» EXTRACTED MATERIAL
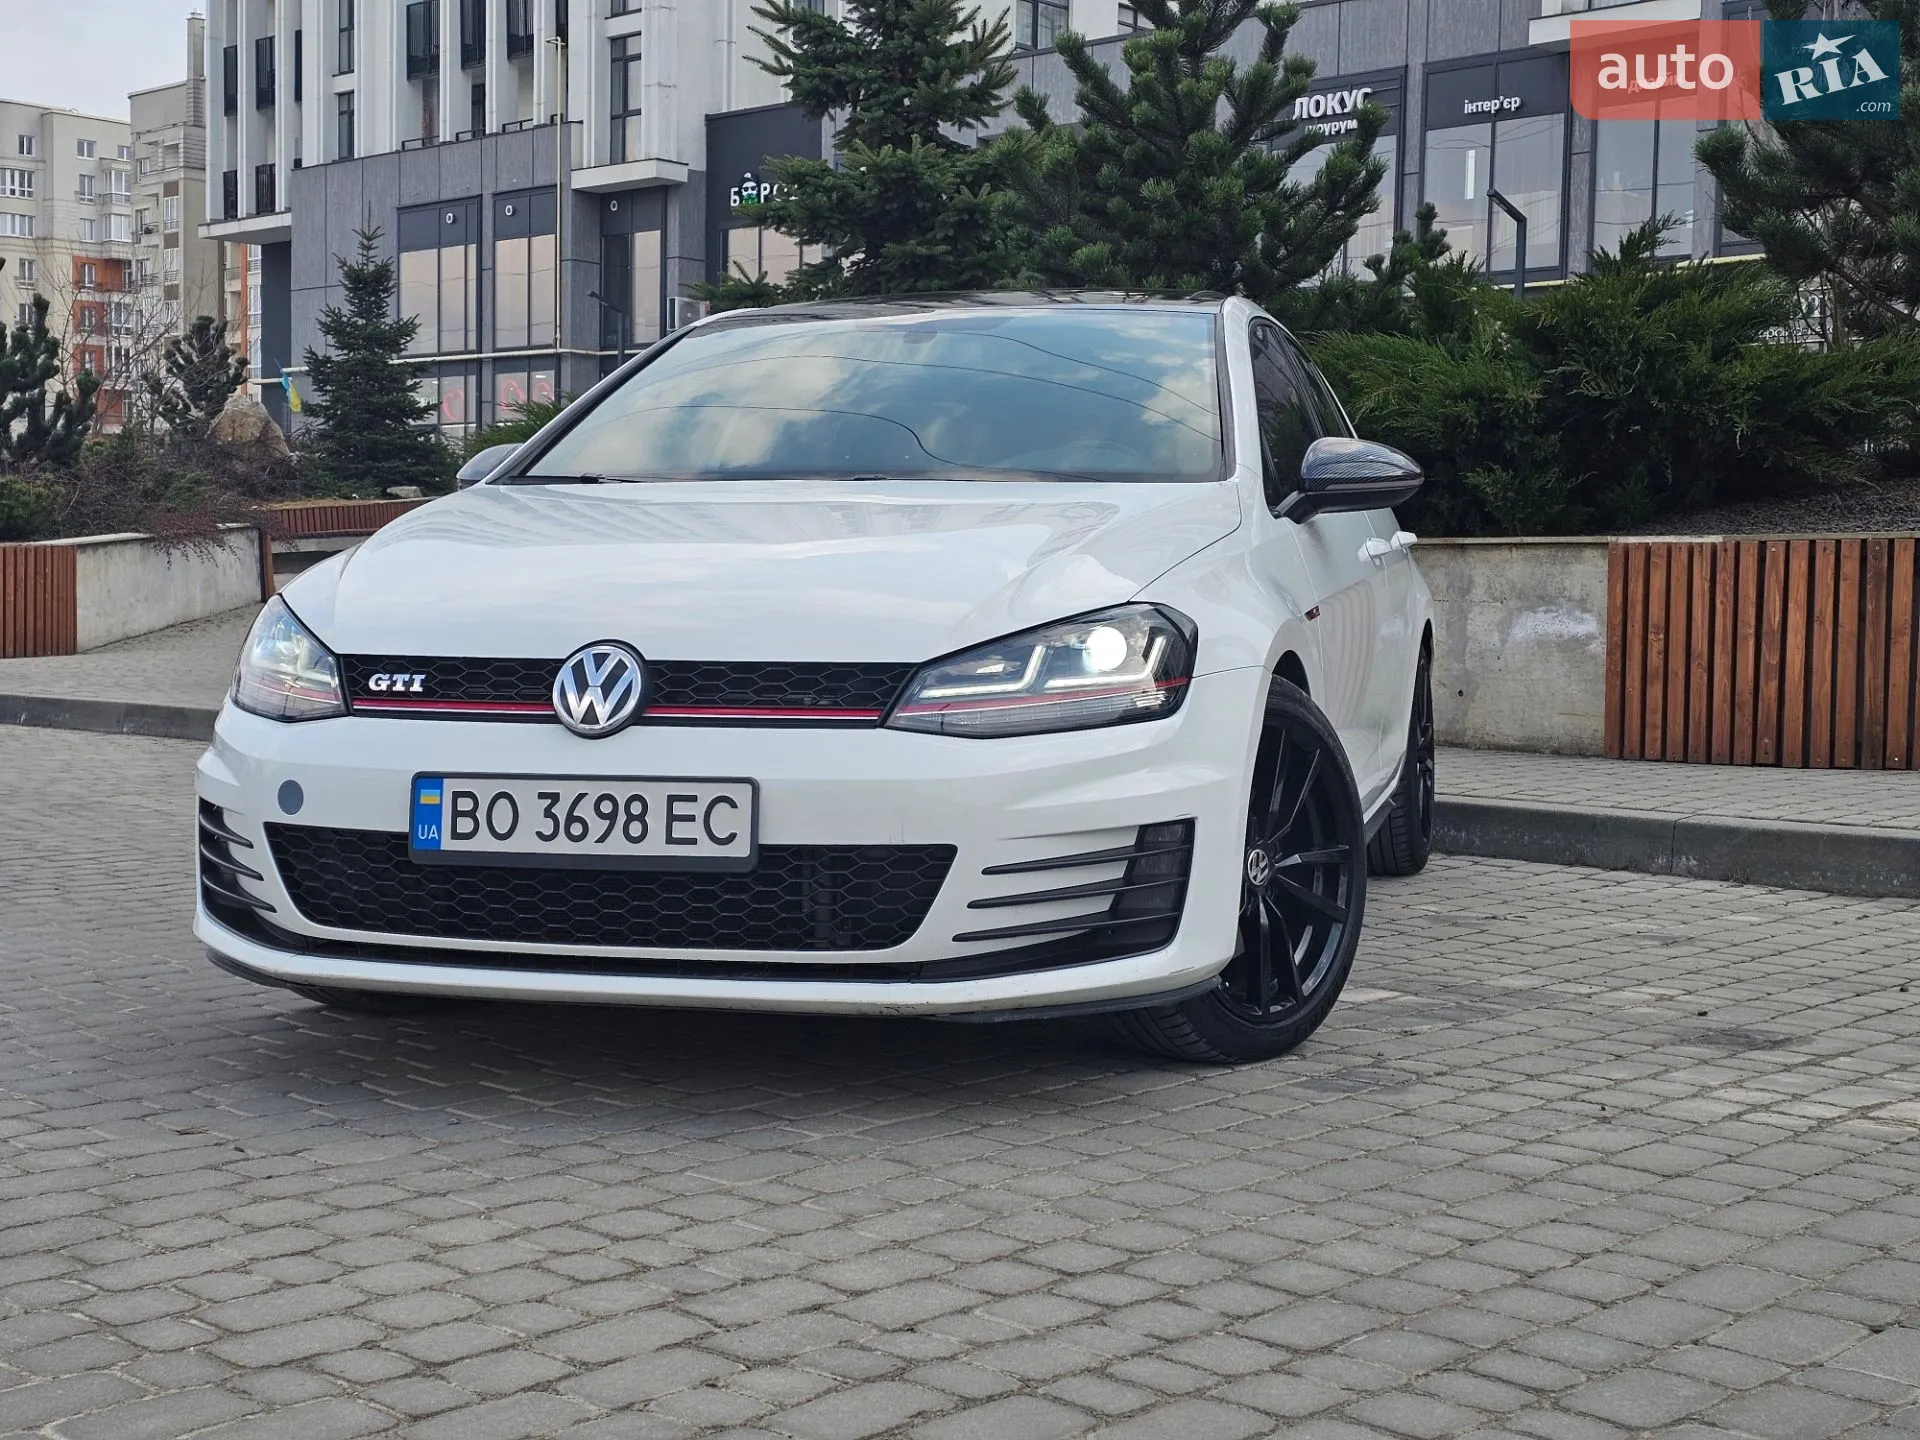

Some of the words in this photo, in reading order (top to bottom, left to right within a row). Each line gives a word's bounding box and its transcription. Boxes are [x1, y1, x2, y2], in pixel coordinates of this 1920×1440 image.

[1292, 87, 1374, 120] ЛОКУС
[368, 673, 426, 692] GTI
[450, 790, 520, 841] BO
[535, 791, 649, 845] 3698
[665, 793, 738, 846] EC
[418, 824, 439, 840] UA
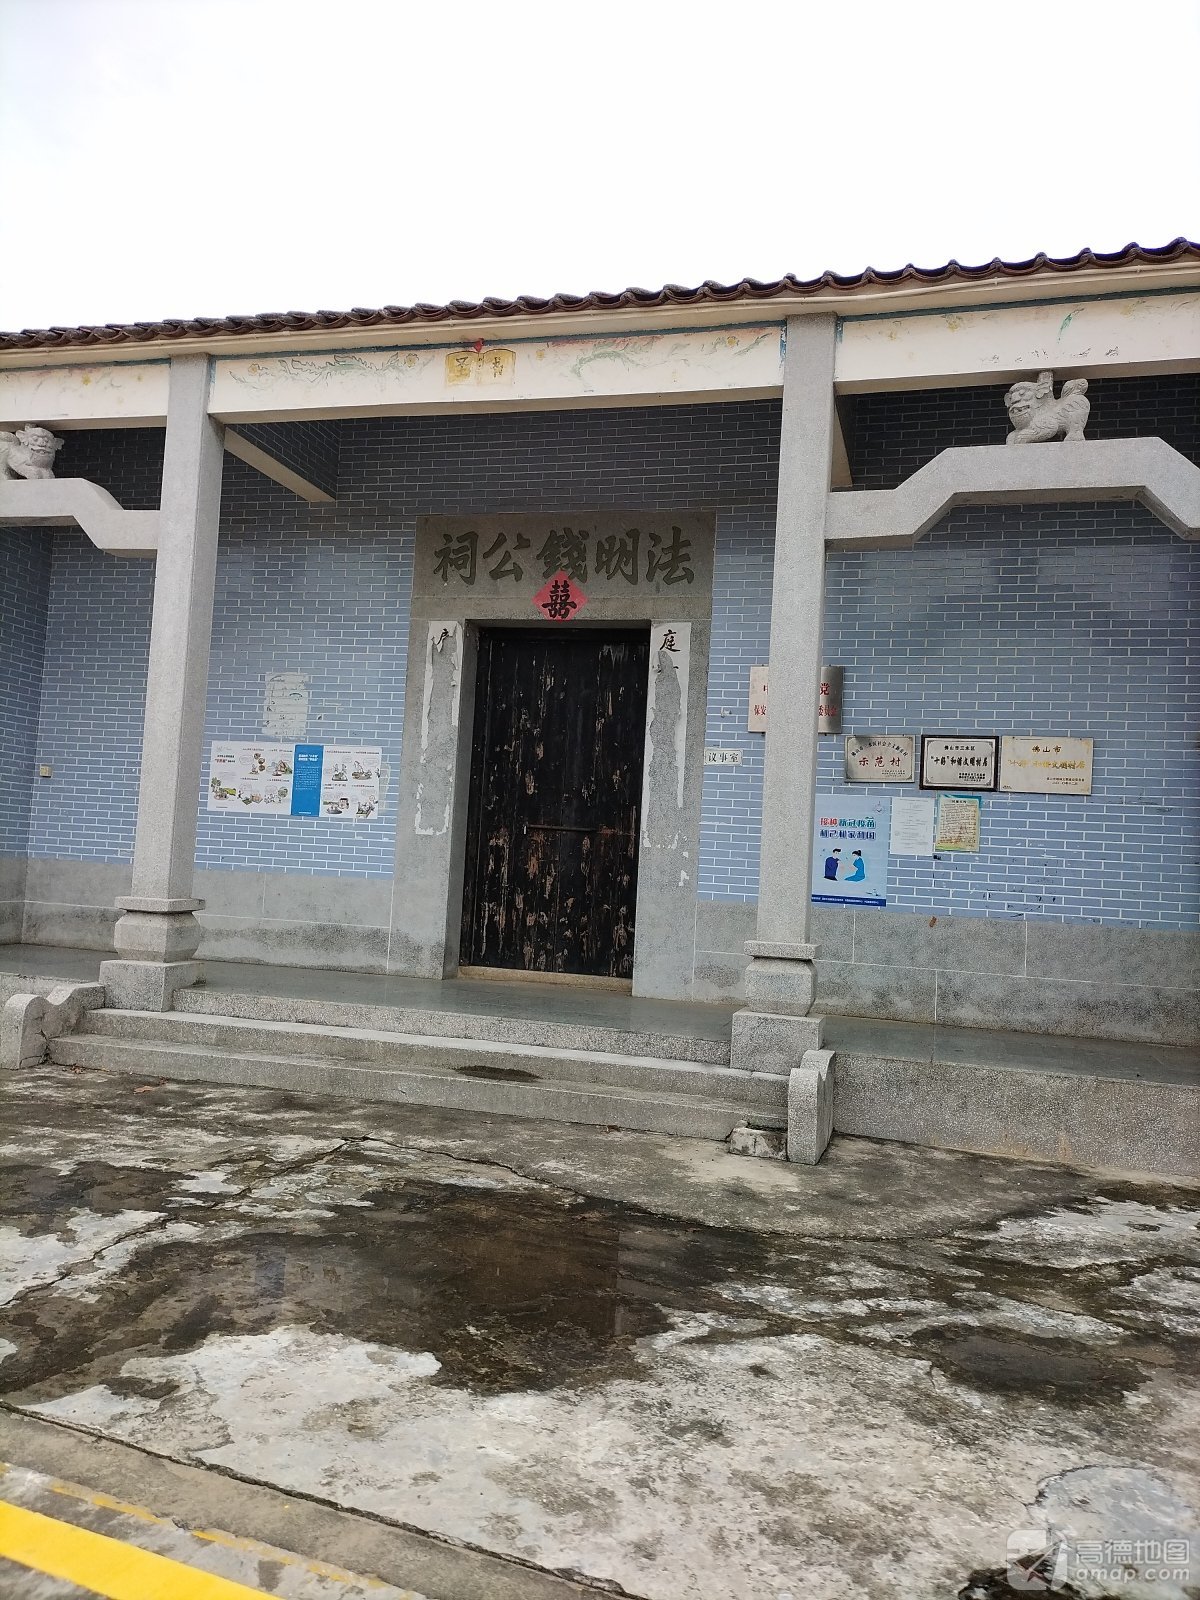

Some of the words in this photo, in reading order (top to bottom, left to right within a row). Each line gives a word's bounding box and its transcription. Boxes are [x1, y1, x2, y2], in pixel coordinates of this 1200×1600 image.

[541, 580, 578, 619] 囍
[659, 629, 681, 652] 庭
[1031, 745, 1062, 755] 佛山市
[708, 752, 739, 763] 议事室
[858, 755, 901, 768] 示范村

» WHAT THIS TASK INVOLVES
Find the line containing "this 1200×1600 image.", then output it and every line after it to the end of the data, exactly.

» ANSWER FOR THE TASK
Some of the words in this photo, in reading order (top to bottom, left to right within a row). Each line gives a word's bounding box and its transcription. Boxes are [x1, y1, x2, y2], in pixel coordinates of this 1200×1600 image.

[541, 580, 578, 619] 囍
[659, 629, 681, 652] 庭
[1031, 745, 1062, 755] 佛山市
[708, 752, 739, 763] 议事室
[858, 755, 901, 768] 示范村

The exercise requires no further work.